* **TASK DETAILS**
Every entry is to be returned as it stands, apart from the pictures.

Annotated photo localization data:

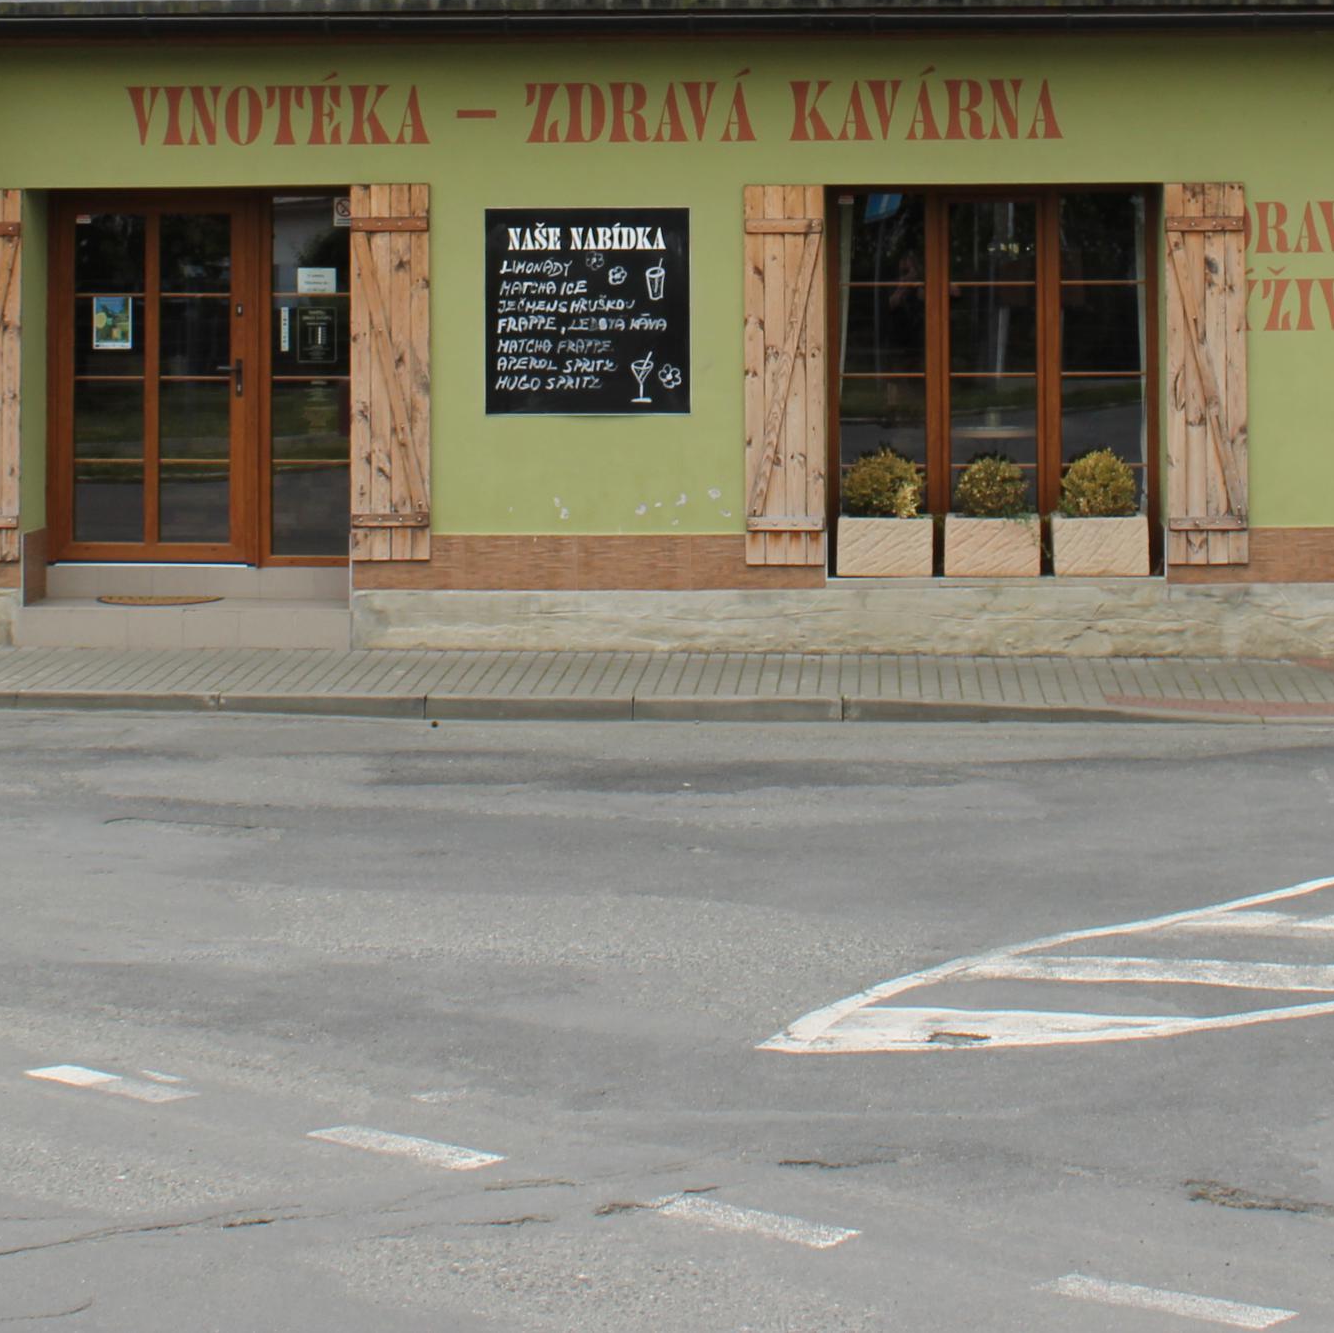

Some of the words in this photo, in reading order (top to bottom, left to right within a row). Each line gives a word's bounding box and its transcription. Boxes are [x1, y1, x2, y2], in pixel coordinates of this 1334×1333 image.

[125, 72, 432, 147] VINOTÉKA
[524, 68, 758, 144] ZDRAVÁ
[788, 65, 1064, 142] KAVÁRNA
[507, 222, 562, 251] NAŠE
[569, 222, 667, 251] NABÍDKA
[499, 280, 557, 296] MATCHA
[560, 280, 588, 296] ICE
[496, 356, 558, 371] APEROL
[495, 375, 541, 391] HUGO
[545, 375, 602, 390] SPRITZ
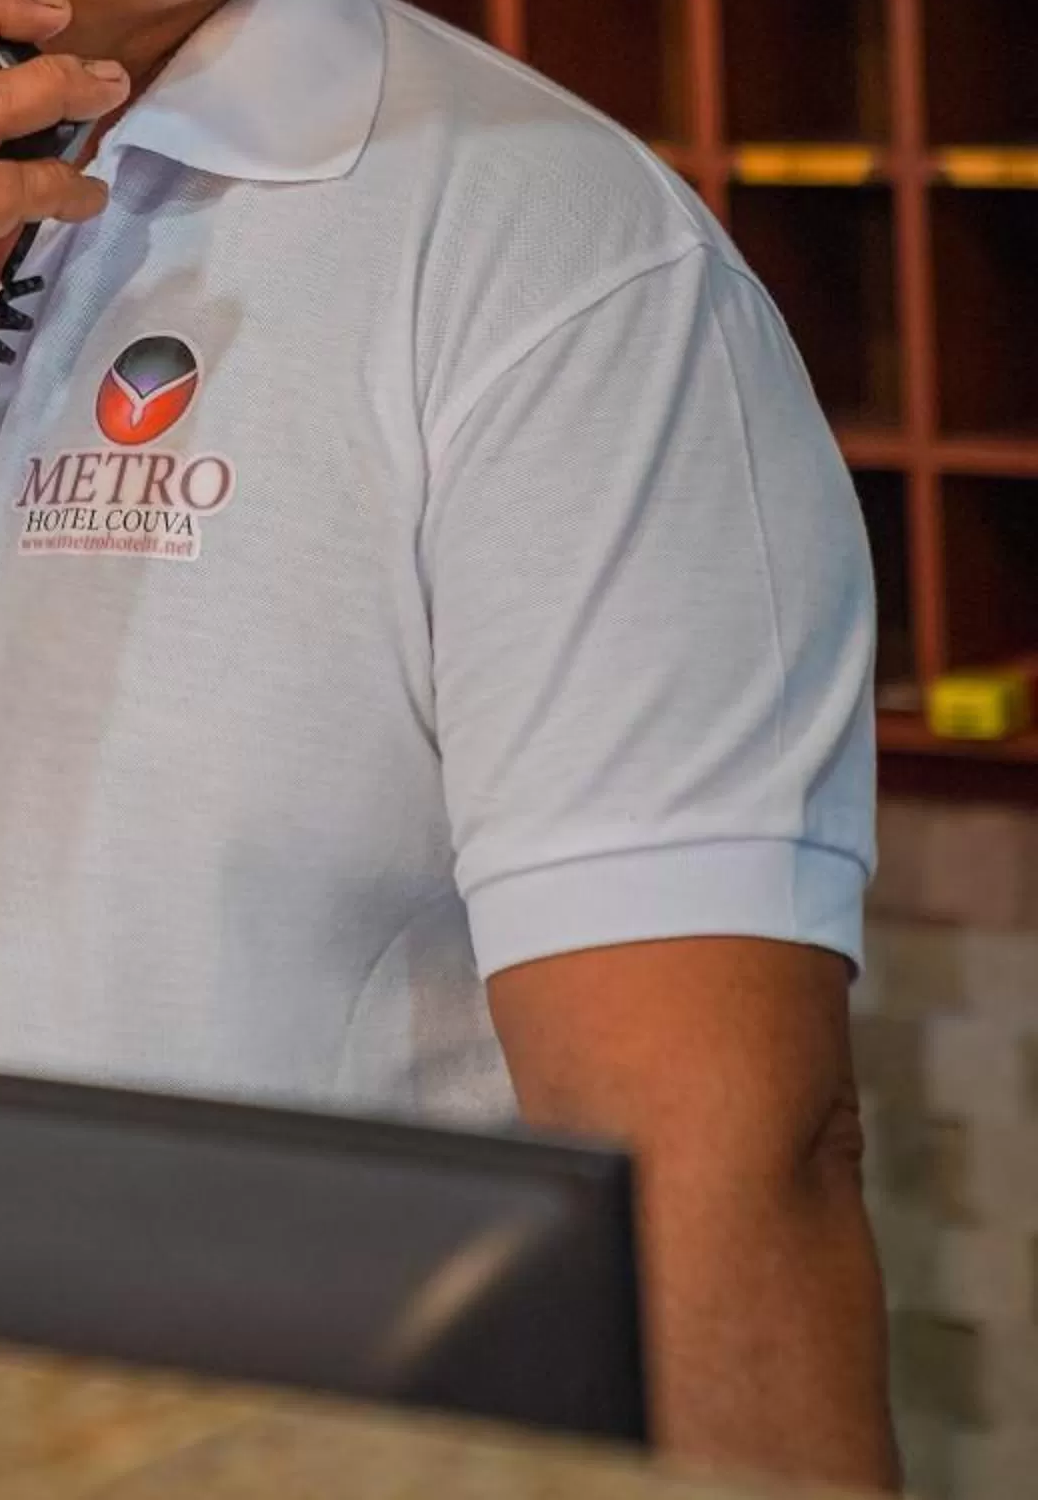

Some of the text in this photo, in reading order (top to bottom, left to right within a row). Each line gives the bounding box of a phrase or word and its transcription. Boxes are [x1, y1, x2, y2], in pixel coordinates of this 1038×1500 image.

* **ANSWER FOR THIS EXERCISE**
Some of the words in this photo, in reading order (top to bottom, left to right within a row). Each line gives a word's bounding box and its transcription. Boxes are [x1, y1, x2, y2], in pixel coordinates of this 1334×1333 image.

[125, 72, 432, 147] VINOTÉKA
[524, 68, 758, 144] ZDRAVÁ
[788, 65, 1064, 142] KAVÁRNA
[507, 222, 562, 251] NAŠE
[569, 222, 667, 251] NABÍDKA
[499, 280, 557, 296] MATCHA
[560, 280, 588, 296] ICE
[496, 356, 558, 371] APEROL
[495, 375, 541, 391] HUGO
[545, 375, 602, 390] SPRITZ

Some of the text in this photo, in reading order (top to bottom, left to right within a row). Each line gives the bounding box of a phrase or word and its transcription. Boxes are [x1, y1, x2, y2], in pixel coordinates of this 1038×1500 image.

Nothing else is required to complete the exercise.